Según colegía de la proximidad de las voces y del cercano chasquido de las ramas que crujían al romperse para dar paso a aquella turba de locuelas, iban al salir de la espesura a un pequeño rellano que formaba el monte en el sitio donde yo estaba oculto, enteramente a mis espaldas, tan cerca o más que me encuentro de vosotros, oí una nueva voz fresca, delgada y vibrante, que dijo... creedlo, señores, esto es tan seguro como me he de morir... dijo... claro y distintamente estas propias palabras:

¡Por aquí, por aquí, compañeras, que está ahí el bruto de Esteban!

Al llegar a este punto de la relación del zagal, los circunstantes no pudieron ya contener por más tiempo la risa que hacía largo rato les retozaba en los ojos, y dando rienda a su buen humor, prorrumpieron en una carcajada estrepitosa. De los primeros en comenzar a reír y de los últimos en dejarlo, fueron don Dionís, que a pesar de su fingida circunspección no pudo menos de tomar parte en el general regocijo, y su hija Constanza, la cual cada vez que miraba a Esteban todo suspenso y confuso, tornaba a reírse como una loca hasta el punto de saltarle las lágrimas a los ojos.

El zagal, por su parte, aunque sin atender al efecto que su narración había producido, parecía todo turbado e inquieto; y mientras los señores reían a sabor de sus inocentadas, él tornaba la vista a un lado y a otro con visibles muestras de temor y como queriendo descubrir algo a través de los cruzados troncos de los árboles. -¿Qué es eso, Esteban, qué te sucede? -le preguntó uno de los monteros notando la creciente inquietud del pobre mozo, que ya fijaba sus espantadas pupilas en la hija risueña de don Dionís, ya las volvía a su alrededor con una expresión asombrada y estúpida.

-Me sucede una cosa muy extraña -exclamó Esteban-. Cuando, después de escuchar las palabras que dejo referidas, me incorporé con prontitud para sorprender a la ersona que las había pronunciado, una corza blanca como la nieve salió de entre las mismas matas en donde yo estaba oculto, y dando, unos saltos enormes por encima de los carrascales y los lentiscos, se alejó seguida de una tropa de corzos de su color natural, y así éstas como la blanca que las iba guiando, no arrojaban bramidos al huir, sino que se reían con unas carcajadas cuyo eco juraría que aún me está sonando en los oídos en este momento.

-iBah!... ¡bah!... Esteban -exclamó don Dionís con aire burlón-, sigue los consejos del preste de Tarazona; no hables de tus encuentros con los corzos amigos de burlas, no sea que haga el diablo que al fin pierdas el poco juicio que tienes; y pues ya estás provisto de los Evangelios y sabes las oraciones de San Bartolomé, vuélvete a tus corderos, que empiezan z desbandarse por la cañada.

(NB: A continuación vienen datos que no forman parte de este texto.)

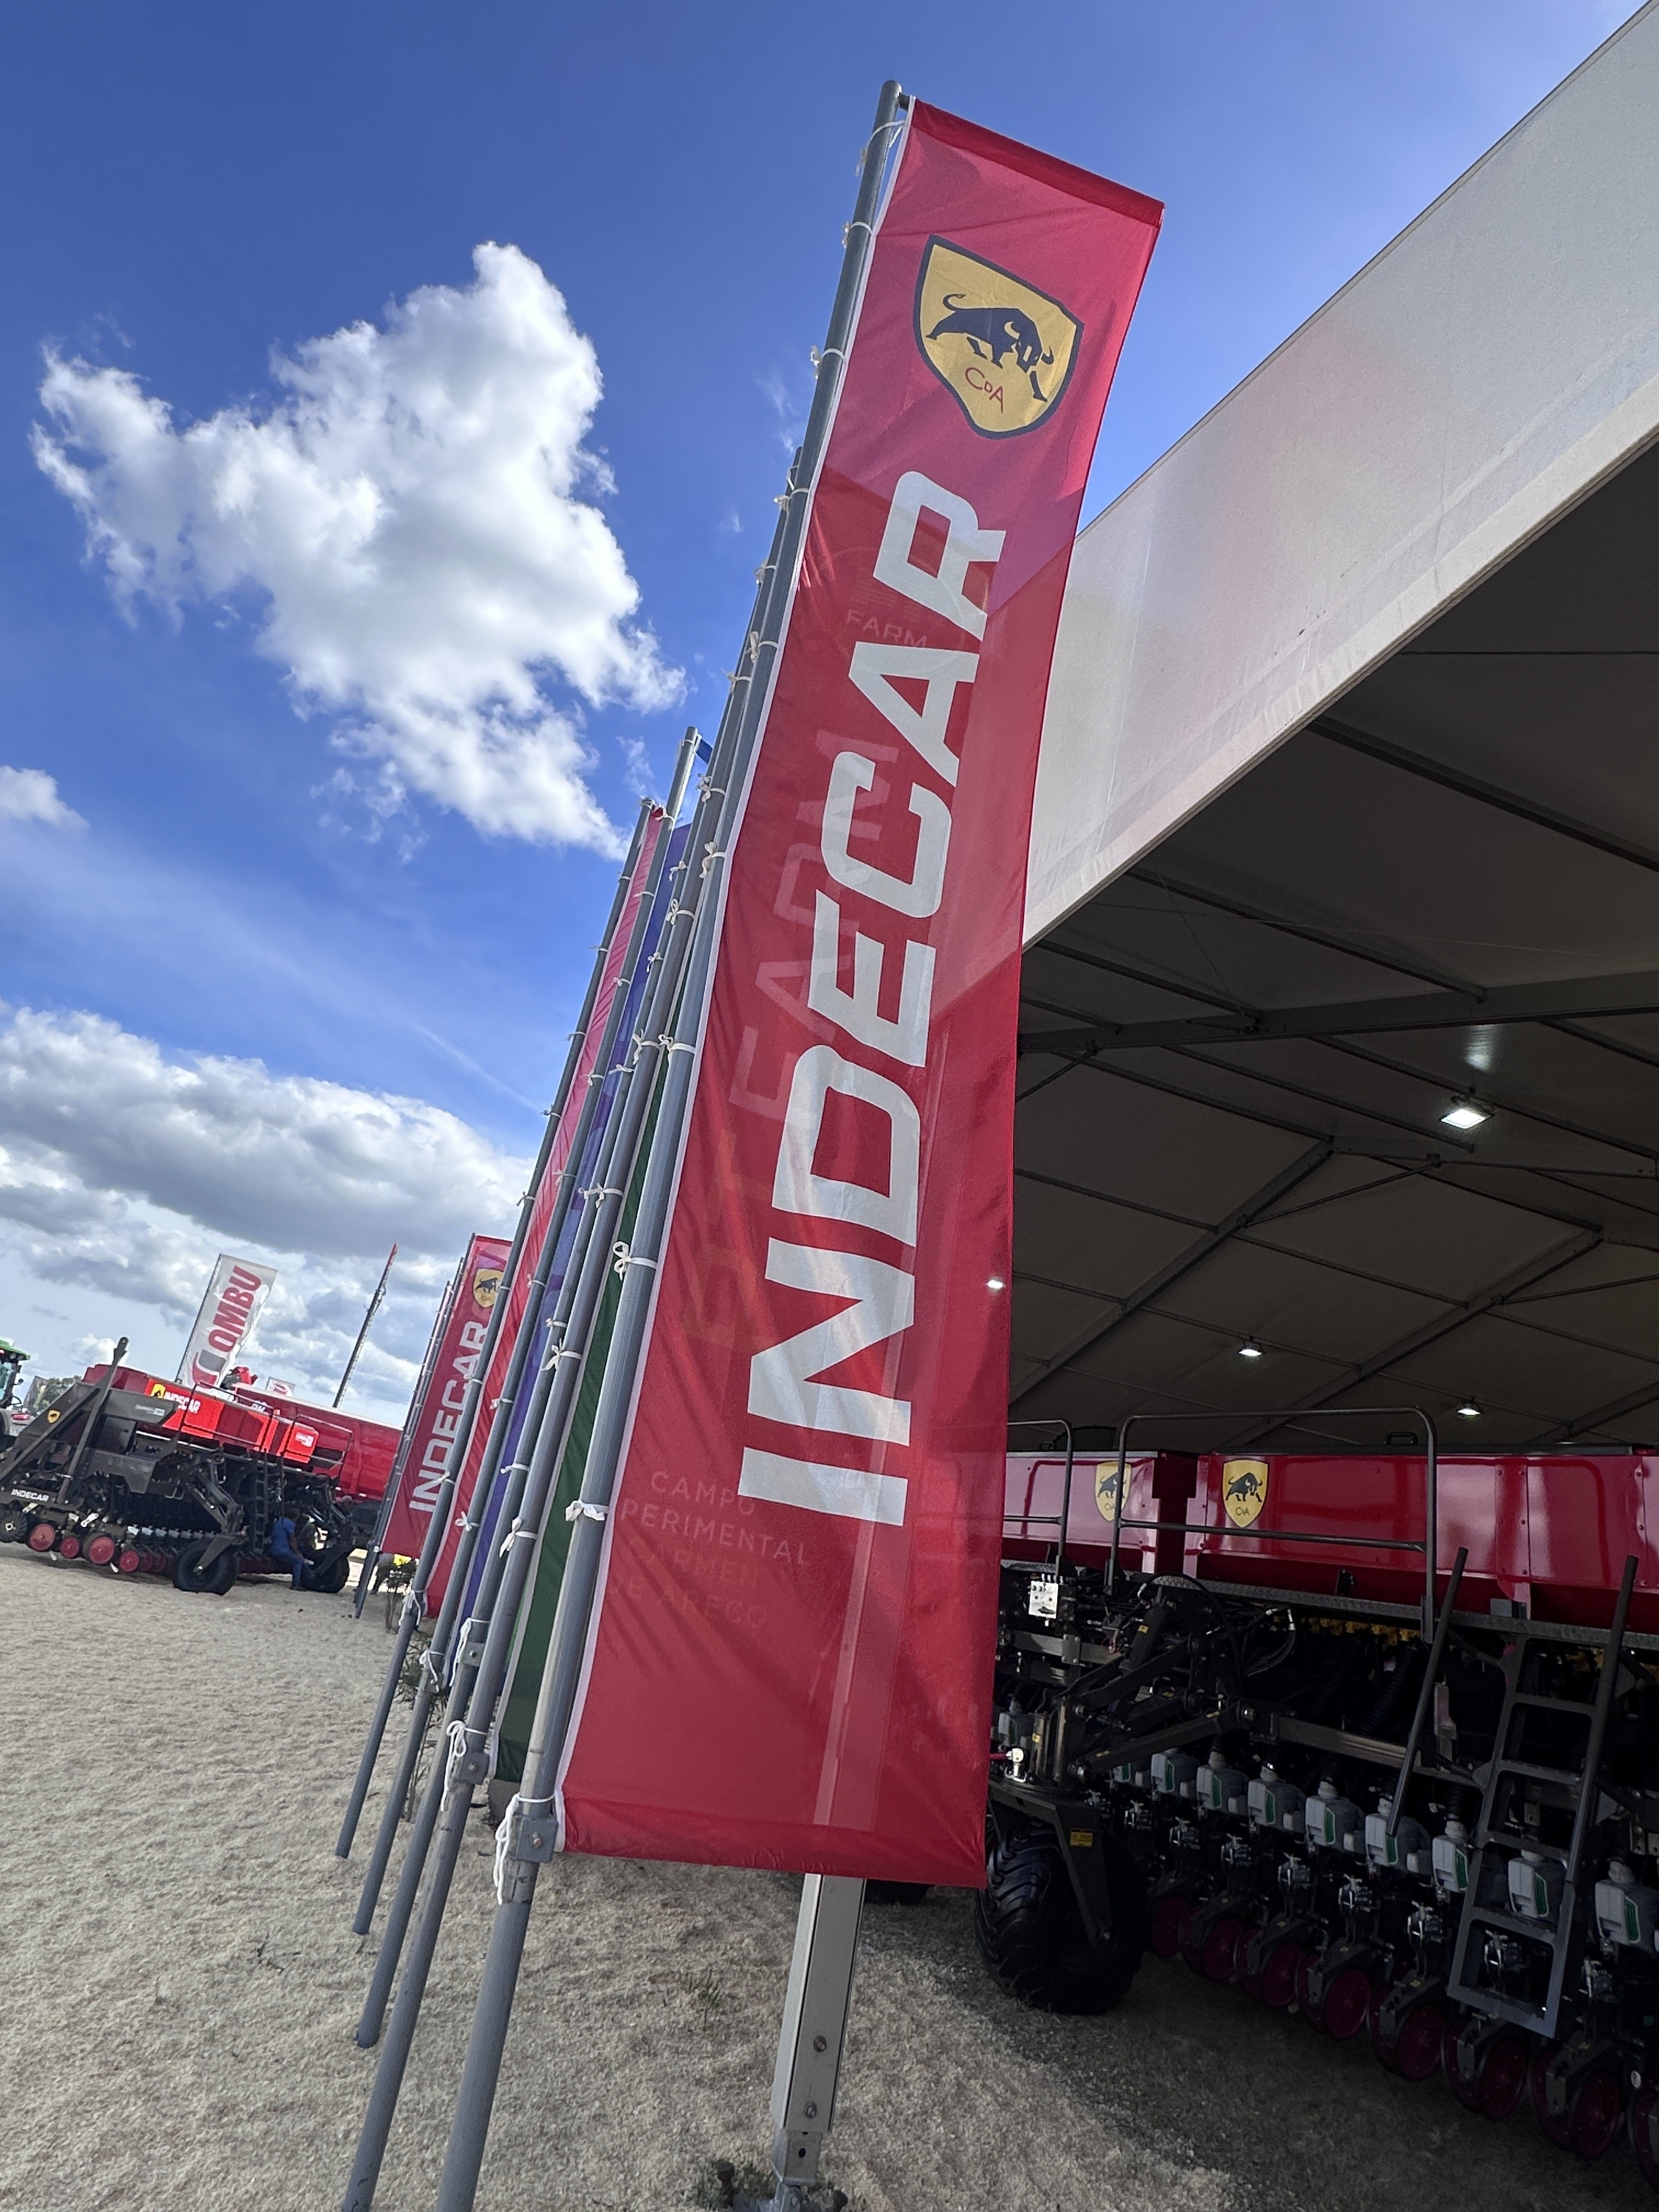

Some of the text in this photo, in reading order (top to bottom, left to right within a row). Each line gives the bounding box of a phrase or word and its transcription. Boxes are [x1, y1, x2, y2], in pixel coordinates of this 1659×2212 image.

[738, 471, 1007, 1527] INDECAR
[208, 1265, 262, 1353] OMBU
[409, 1321, 489, 1513] INDECAR
[11, 1488, 49, 1502] INDECAR
[620, 1498, 810, 1566] PERIMENTAL
[651, 1471, 755, 1516] CAMPO
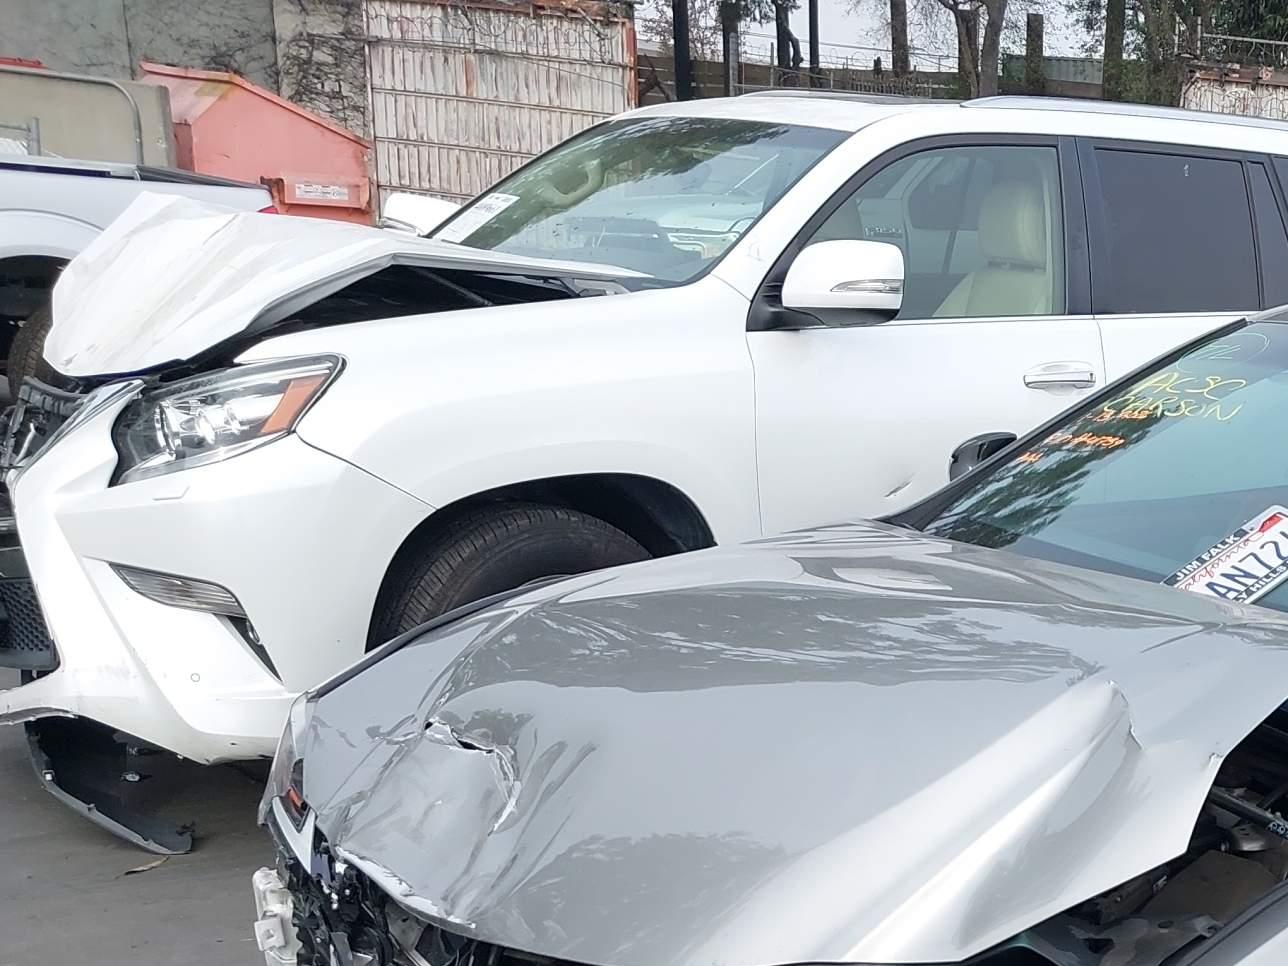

Si los espíritus malignos tornan a incomodarte, ya sabes el remedio: Pater noster y garrotazo.

El zagal, después de guardarse en el zurrón un medio pan blanco y un trozo de carne de jabalí y en el estómago un valiente trago de vino que le dio por orden de su señor uno de los palafraneros, despidióse de don Dionís y su hija, y apenas anduvo cuatro pasos, comenzó a voltear la honda para reunir a pedradas los corderos.

Como a esta sazón notase don Dionís que entre unas y otras las horas del calor eran ya pasadas y el vientecillo de la tarde comenzaba a mover las hojas de los chopos y a refrescar los campos, dio orden a su comitiva para que aderezasen las caballerías que andaban paciendo sueltas por el inmediato soto; y cuando todo estuvo a punto, hizo seña a los unos para que soltasen las traillas, y a los otros para que tocasen las trompas, y saliendo en tropel de- la chopera, prosiguió adelante la interrumpida caza.